:: Assignment ::
Exact copy without images: repeat every entry as written.

:: Given data ::
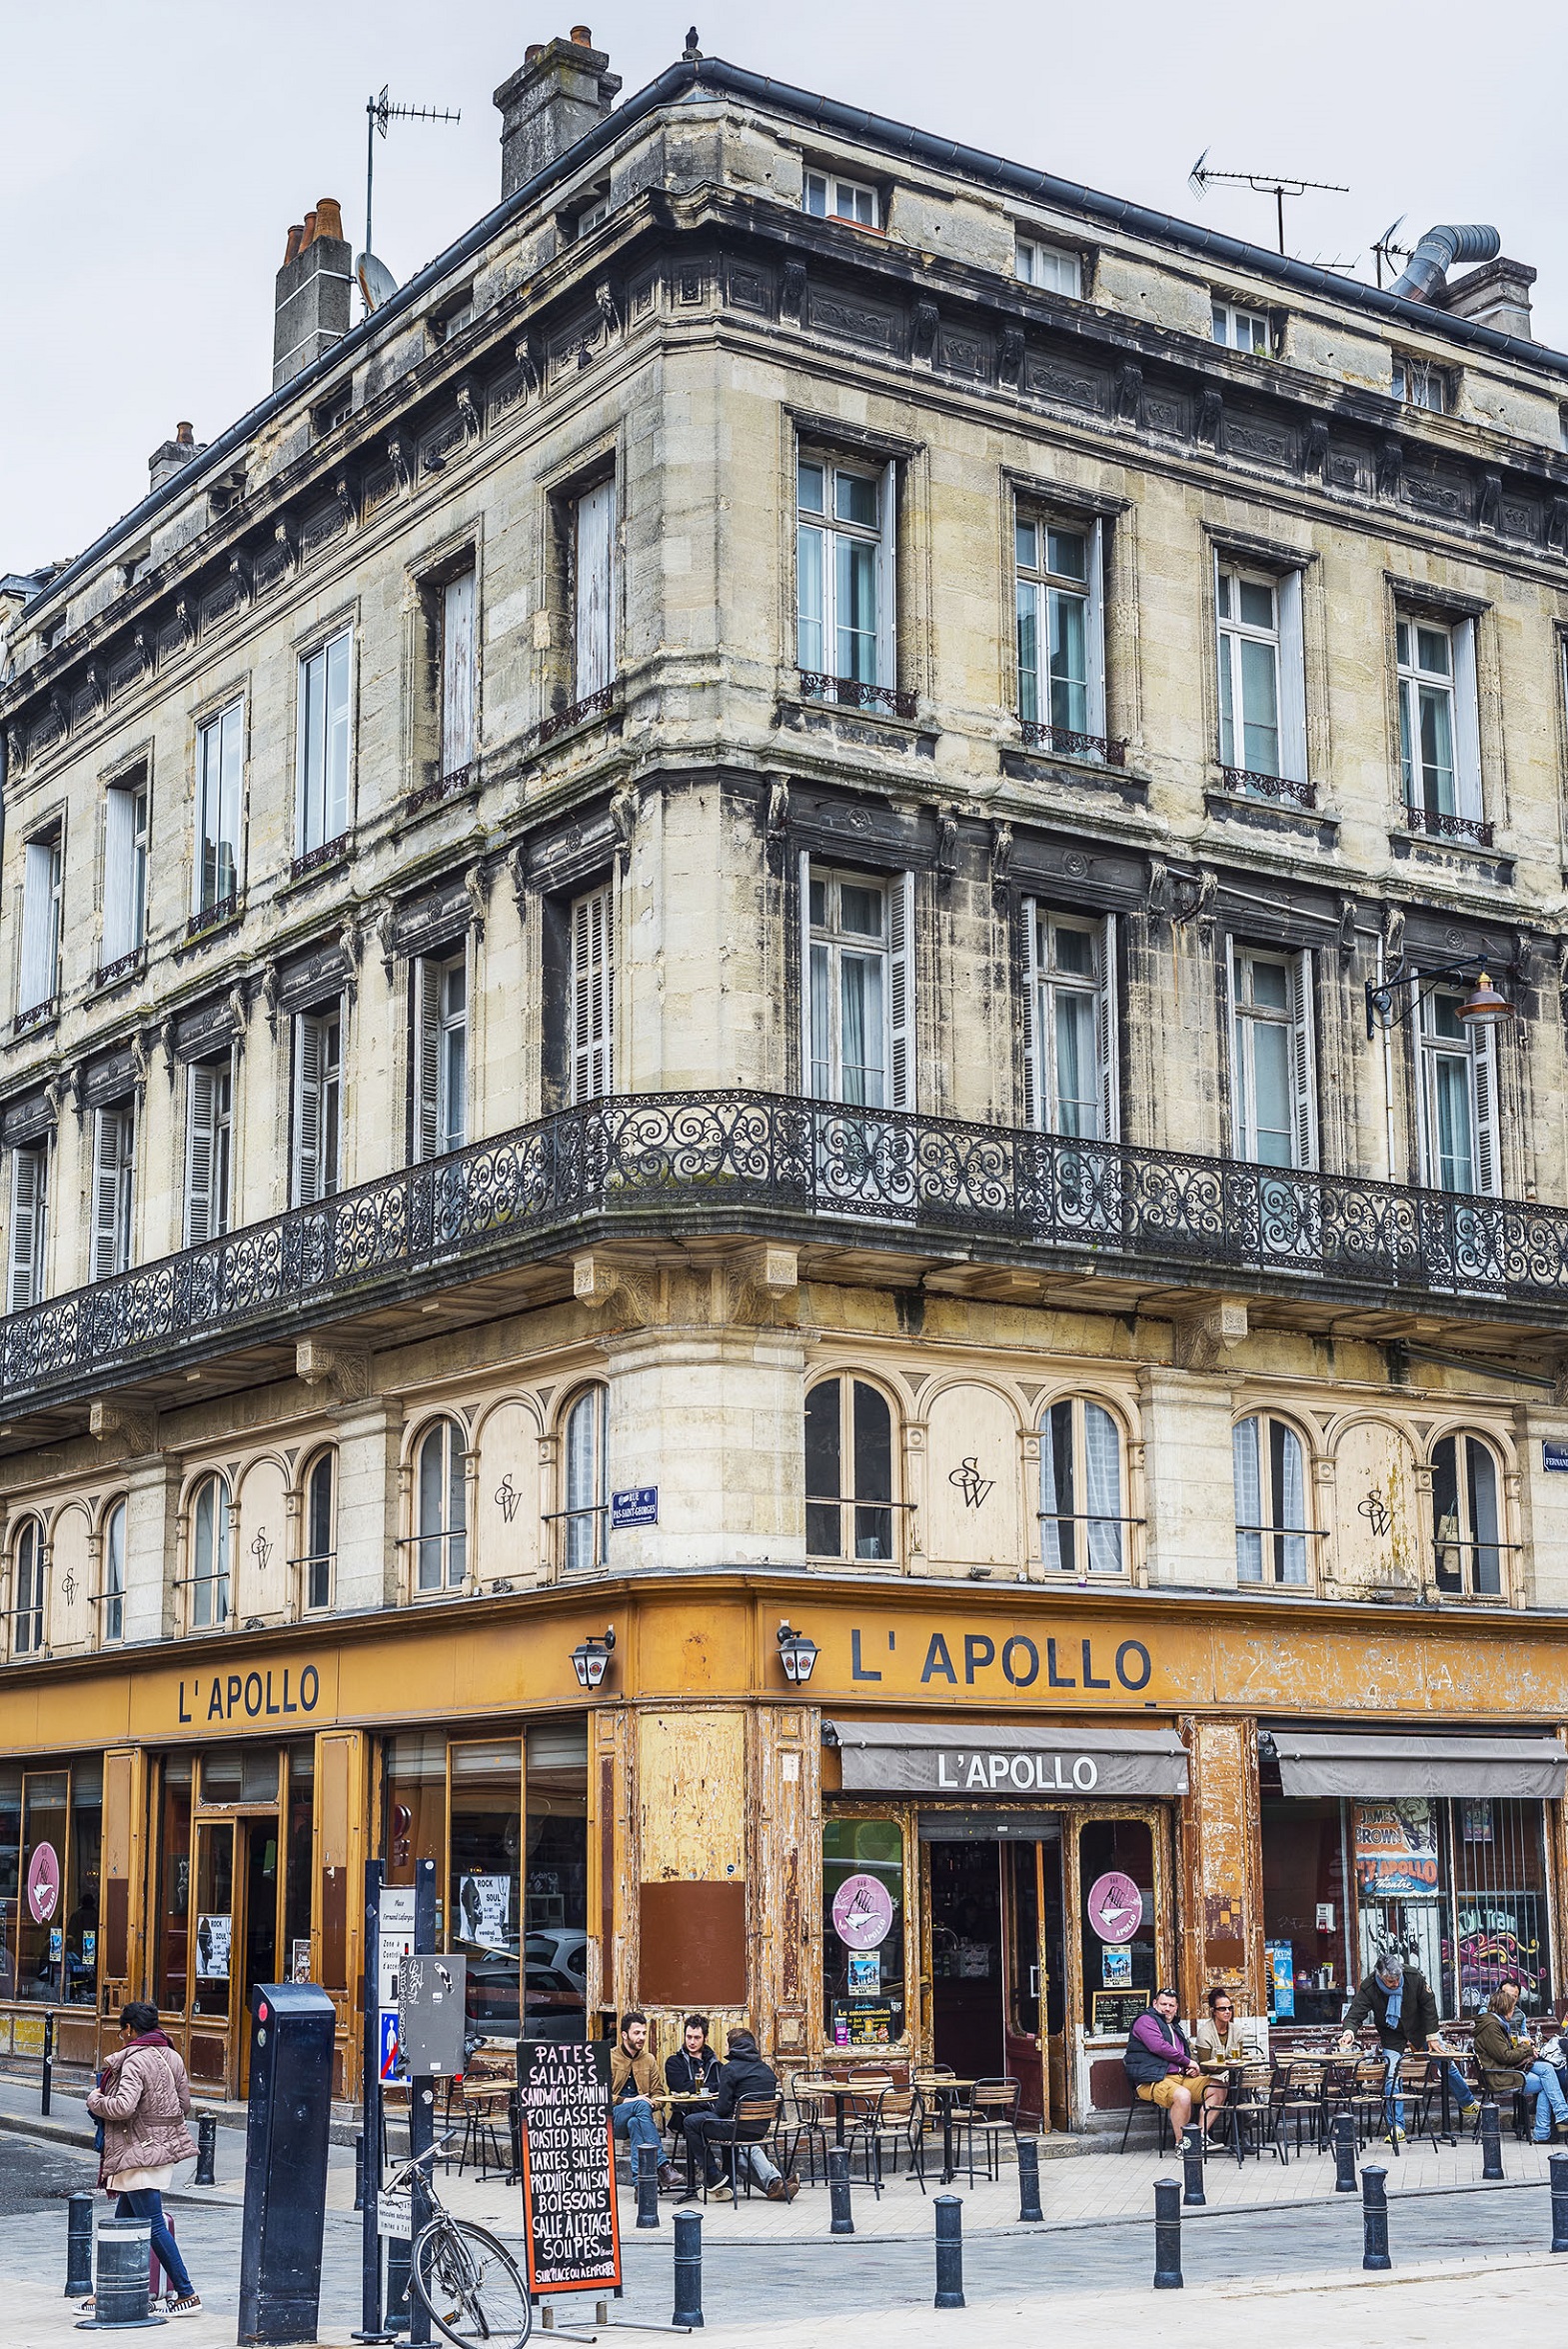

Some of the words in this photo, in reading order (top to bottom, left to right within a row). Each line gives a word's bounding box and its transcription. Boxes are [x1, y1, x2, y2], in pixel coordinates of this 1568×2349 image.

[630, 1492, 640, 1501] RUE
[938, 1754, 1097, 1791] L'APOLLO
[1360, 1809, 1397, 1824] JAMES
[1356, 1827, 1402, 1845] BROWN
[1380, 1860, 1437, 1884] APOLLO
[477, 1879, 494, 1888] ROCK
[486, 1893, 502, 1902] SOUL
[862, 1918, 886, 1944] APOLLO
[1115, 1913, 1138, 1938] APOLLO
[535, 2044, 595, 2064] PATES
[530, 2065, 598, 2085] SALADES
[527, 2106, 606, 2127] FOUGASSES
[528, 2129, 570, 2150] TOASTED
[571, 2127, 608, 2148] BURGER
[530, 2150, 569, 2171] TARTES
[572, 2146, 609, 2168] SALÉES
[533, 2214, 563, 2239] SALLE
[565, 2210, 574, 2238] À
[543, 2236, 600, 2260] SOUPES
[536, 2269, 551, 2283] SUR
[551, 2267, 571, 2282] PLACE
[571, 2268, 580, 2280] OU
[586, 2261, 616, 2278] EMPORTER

:: Response to the exercise ::
Some of the words in this photo, in reading order (top to bottom, left to right within a row). Each line gives a word's bounding box and its transcription. Boxes are [x1, y1, x2, y2], in pixel coordinates of this 1568×2349 image.

[630, 1492, 640, 1501] RUE
[938, 1754, 1097, 1791] L'APOLLO
[1360, 1809, 1397, 1824] JAMES
[1356, 1827, 1402, 1845] BROWN
[1380, 1860, 1437, 1884] APOLLO
[477, 1879, 494, 1888] ROCK
[486, 1893, 502, 1902] SOUL
[862, 1918, 886, 1944] APOLLO
[1115, 1913, 1138, 1938] APOLLO
[535, 2044, 595, 2064] PATES
[530, 2065, 598, 2085] SALADES
[527, 2106, 606, 2127] FOUGASSES
[528, 2129, 570, 2150] TOASTED
[571, 2127, 608, 2148] BURGER
[530, 2150, 569, 2171] TARTES
[572, 2146, 609, 2168] SALÉES
[533, 2214, 563, 2239] SALLE
[565, 2210, 574, 2238] À
[543, 2236, 600, 2260] SOUPES
[536, 2269, 551, 2283] SUR
[551, 2267, 571, 2282] PLACE
[571, 2268, 580, 2280] OU
[586, 2261, 616, 2278] EMPORTER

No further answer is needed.